● **TASK GOAL**:
Copy each line below exactly and leave the pictures out.

● **MATERIAL PROVIDED**:
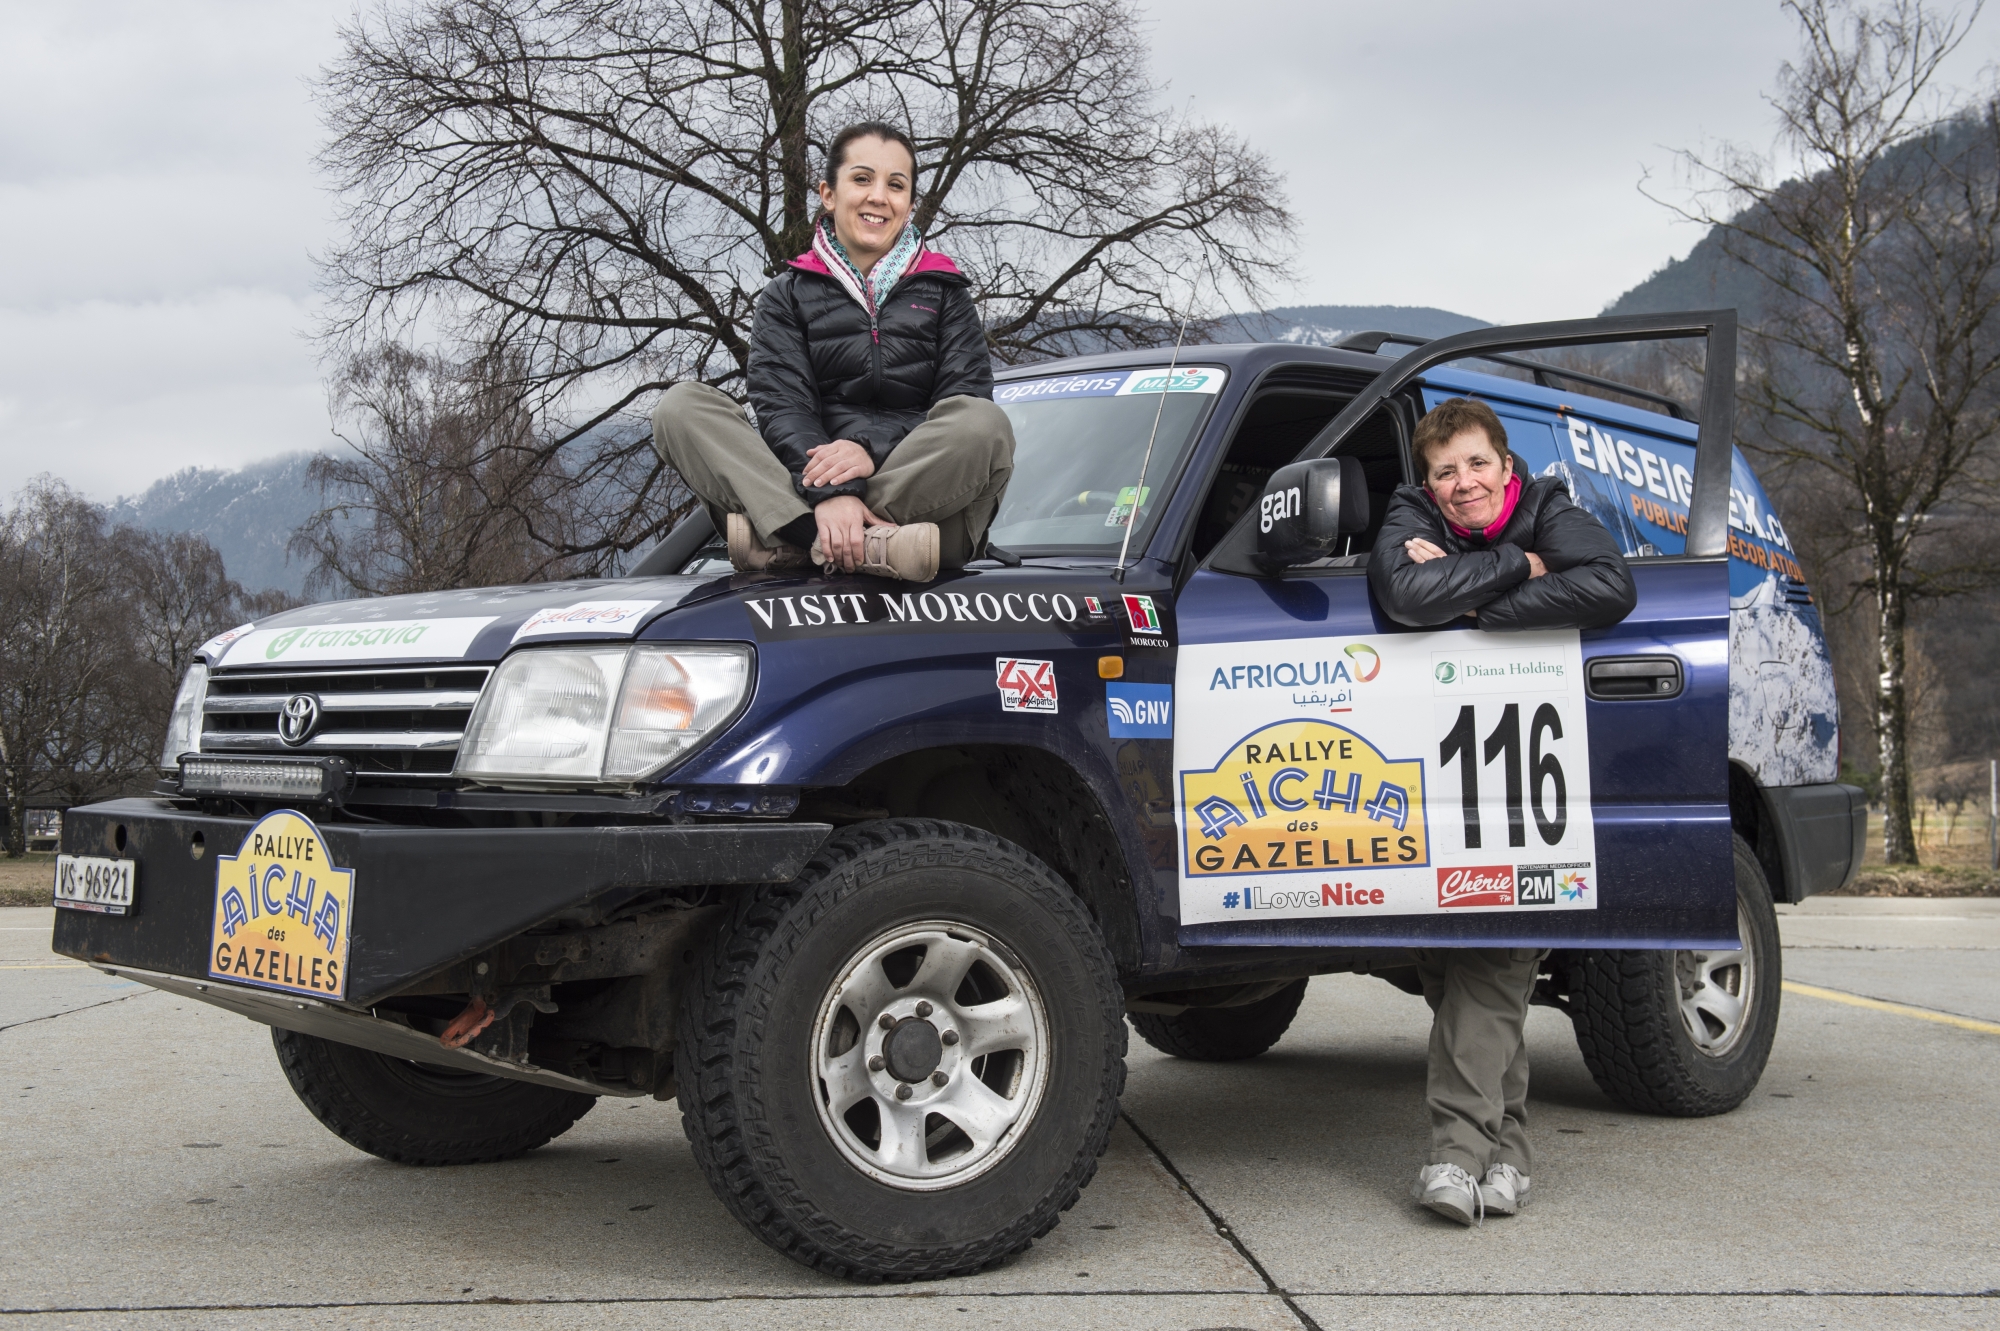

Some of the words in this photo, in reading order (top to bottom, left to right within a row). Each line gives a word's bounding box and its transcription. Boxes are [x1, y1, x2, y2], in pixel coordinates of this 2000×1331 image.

[1000, 377, 1121, 401] opticiens
[1261, 487, 1300, 533] gan
[746, 594, 870, 629] VISIT
[879, 592, 1077, 622] MOROCCO
[299, 623, 430, 648] transavia
[1130, 637, 1169, 648] MOROCCO
[1209, 660, 1352, 690] AFRIQUIA
[1466, 664, 1505, 677] Diana
[1509, 661, 1564, 677] Holding
[1135, 700, 1170, 724] GNV
[1246, 739, 1353, 764] RALLYE
[1439, 702, 1567, 849] 116
[1286, 820, 1319, 832] des
[254, 833, 314, 861] RALLYE
[1195, 835, 1418, 871] GAZELLES
[1441, 870, 1512, 897] Chérie
[1521, 876, 1553, 900] 2M
[267, 926, 286, 941] des
[216, 942, 338, 991] GAZELLES

● **EXERCISE RESULT**:
Some of the words in this photo, in reading order (top to bottom, left to right within a row). Each line gives a word's bounding box and its transcription. Boxes are [x1, y1, x2, y2], in pixel coordinates of this 2000×1331 image.

[1000, 377, 1121, 401] opticiens
[1261, 487, 1300, 533] gan
[746, 594, 870, 629] VISIT
[879, 592, 1077, 622] MOROCCO
[299, 623, 430, 648] transavia
[1130, 637, 1169, 648] MOROCCO
[1209, 660, 1352, 690] AFRIQUIA
[1466, 664, 1505, 677] Diana
[1509, 661, 1564, 677] Holding
[1135, 700, 1170, 724] GNV
[1246, 739, 1353, 764] RALLYE
[1439, 702, 1567, 849] 116
[1286, 820, 1319, 832] des
[254, 833, 314, 861] RALLYE
[1195, 835, 1418, 871] GAZELLES
[1441, 870, 1512, 897] Chérie
[1521, 876, 1553, 900] 2M
[267, 926, 286, 941] des
[216, 942, 338, 991] GAZELLES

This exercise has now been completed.